US-Ehepaar lebte Jahrzehnte unter falschen Namen
Ein Ehepaar, das in den USA unter falschen Namen gelebt hat, muss sich wegen Identitätsraubs und Verschwörung gegen die Regierung vor Gericht verantworten.

Das Wichtigste in Kürze
- Ein Ehepaar in Texas nahm 1987 aus unbekannten Gründen die Namen von toten Babys an.
- Ein Foto in der Wohnung des nun auf Hawaii lebenden Paares führte nun zur Festnahme.
- Sie sind darauf in KGB-Uniformen zu sehen. Sie stehen aber nicht unter Spionageverdacht.

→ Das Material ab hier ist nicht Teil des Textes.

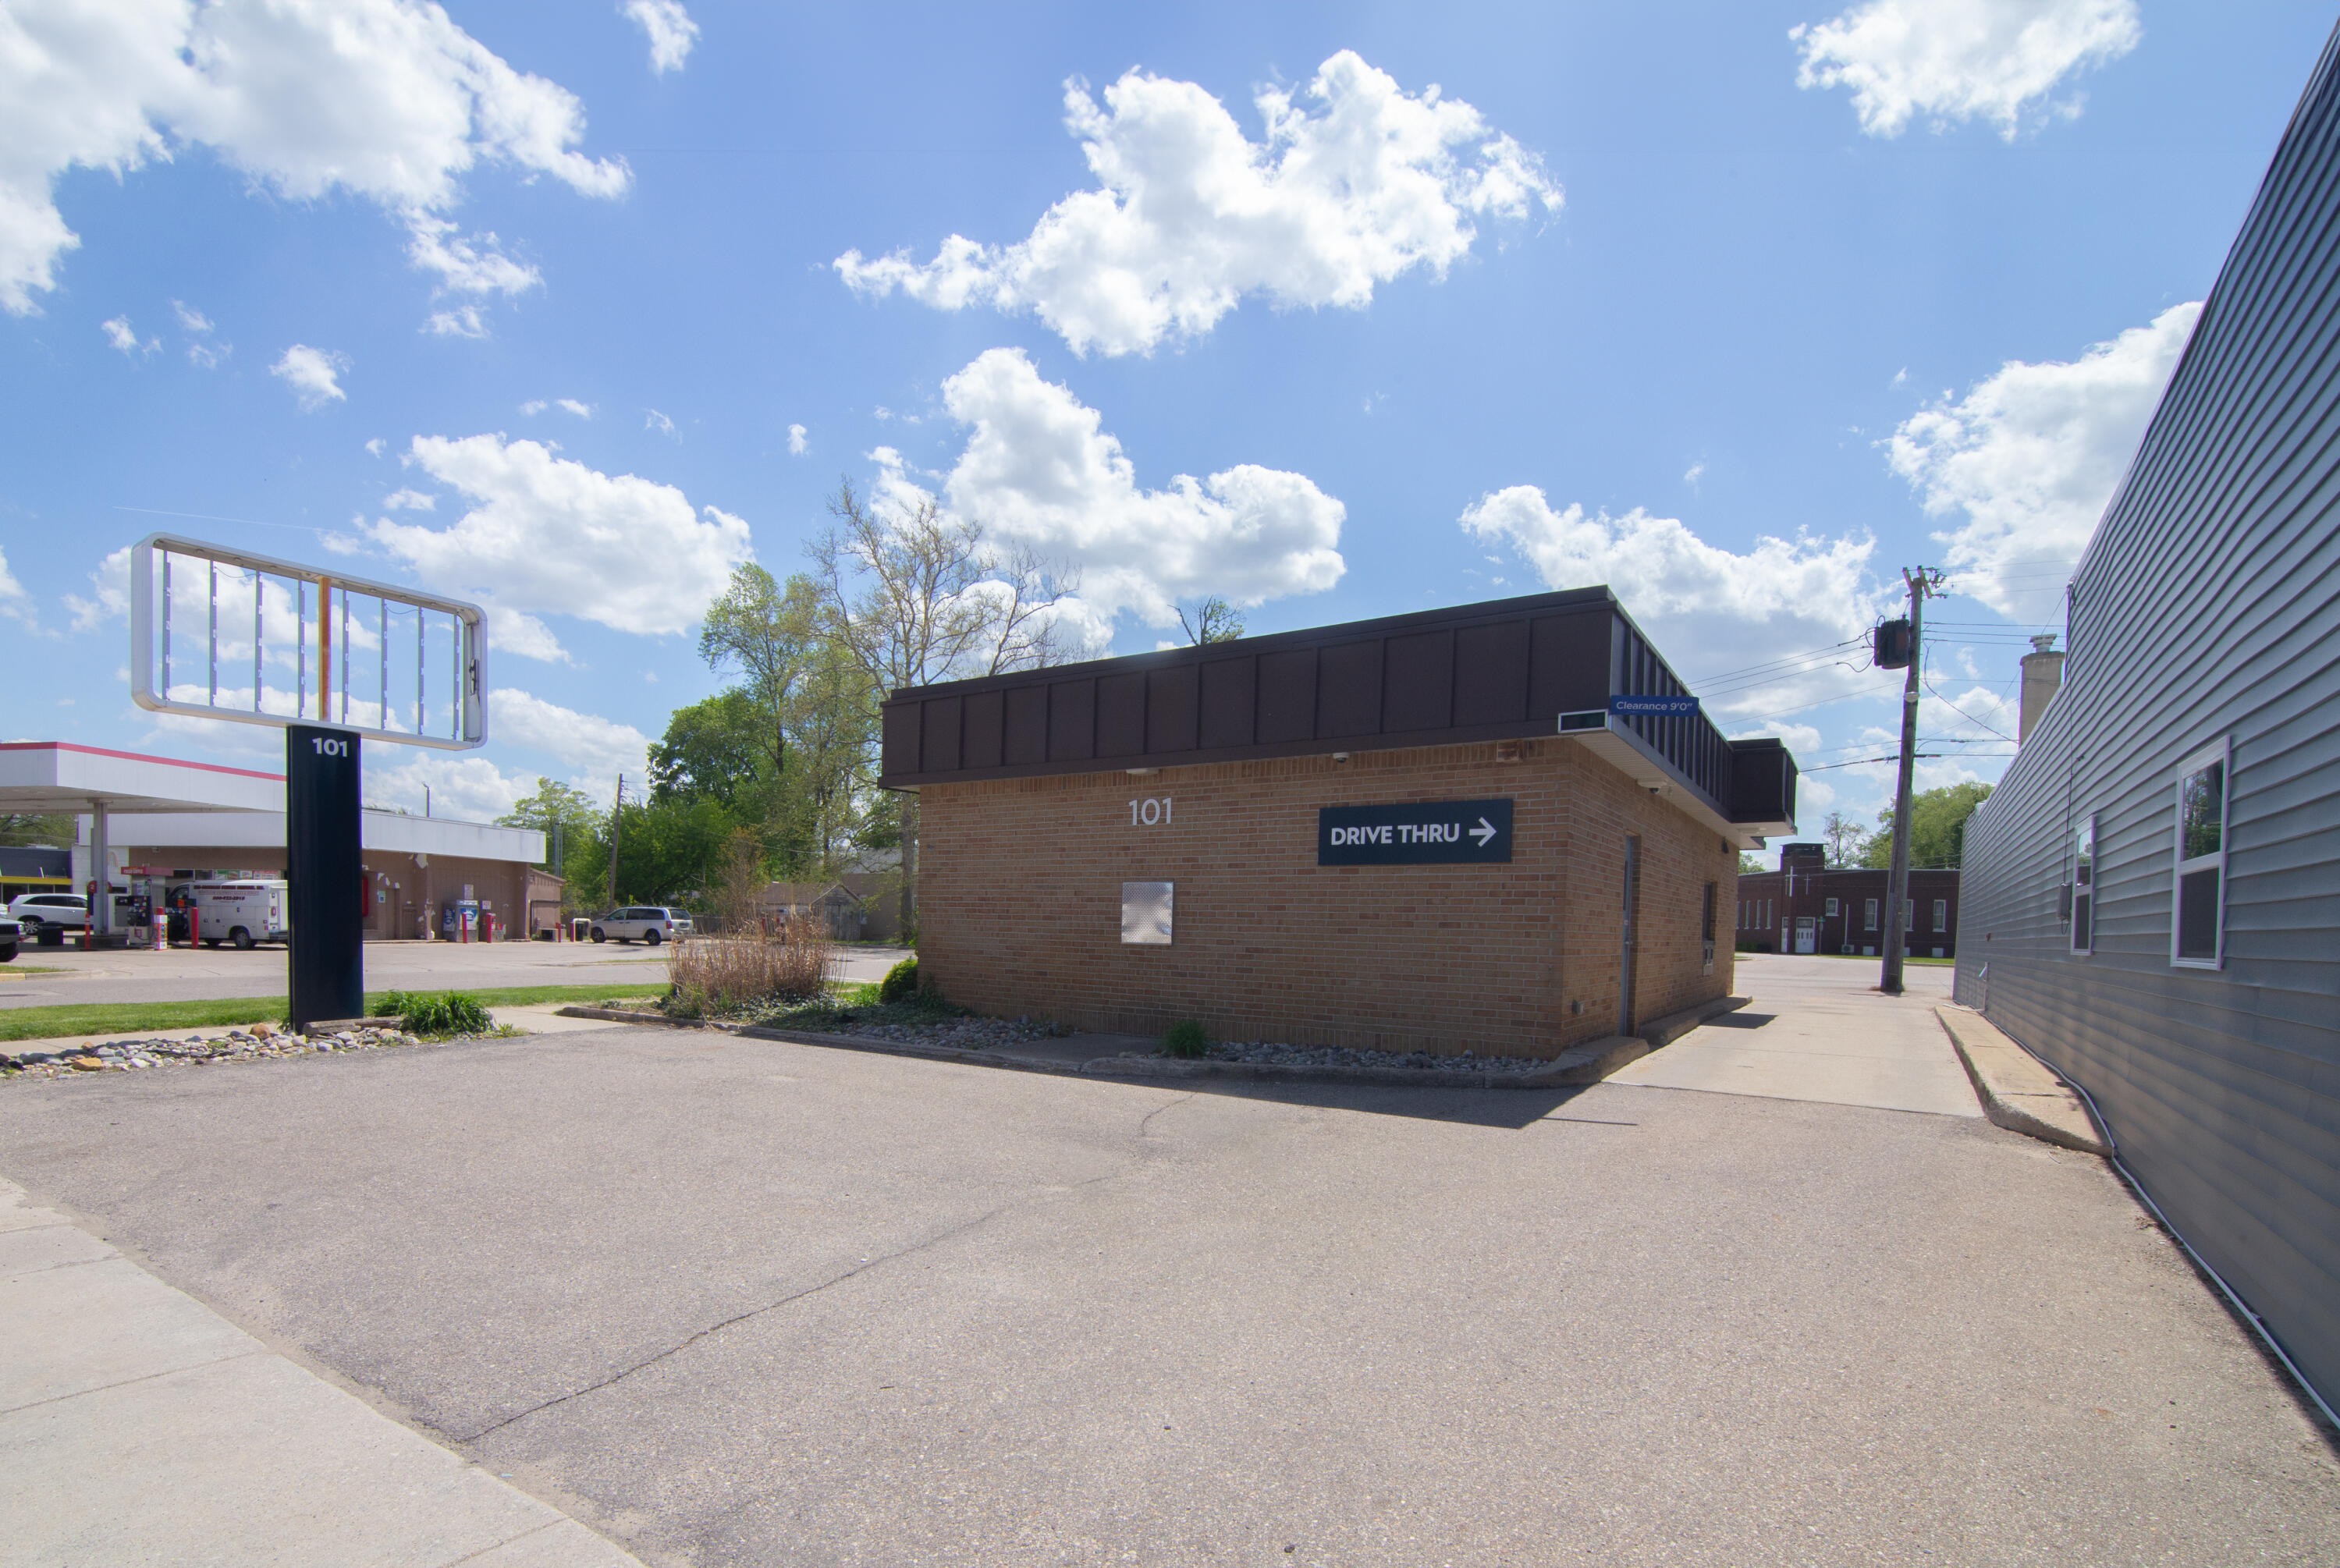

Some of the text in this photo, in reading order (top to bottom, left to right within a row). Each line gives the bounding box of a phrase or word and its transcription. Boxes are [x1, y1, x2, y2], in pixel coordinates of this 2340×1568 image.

Walter Primrose und seine Frau Gwynn Morrison wurden am Freitag auf Hawaii festgenommen. Ermittler hatten in ihrem Haus ein Foto von den beiden in der Uniform des russischen Geheimdienstes KGB gefunden. Sie müssen sich nun wegen Identitätsraubs und Verschwörung gegen die Regierung vor Gericht verantworten.
In der Anklage ist allerdings nicht von Spionageverdacht die Rede. Das Paar hatte sich in Texas kennengelernt und dort in den 80ern geheiratet. 1987 nahmen sie aus bislang unbekannten Gründen neue Namen an, die von Babys stammten, die Jahre zuvor auf einem nahe gelegenen Friedhof begraben worden waren. Es gelang dem Ehepaar, sich mit den neuen Namen zahlreiche offizielle Dokumente zu verschaffen, darunter Pässe und Führerscheine.
Ermittler fanden Briefe mit Hinweisen darauf, dass sie möglicherweise noch weitere Identitäten benutzten. Der Mann befindet sich bereits in Untersuchungshaft, die Frau soll nächste Woche dem Richter vorgeführt werden.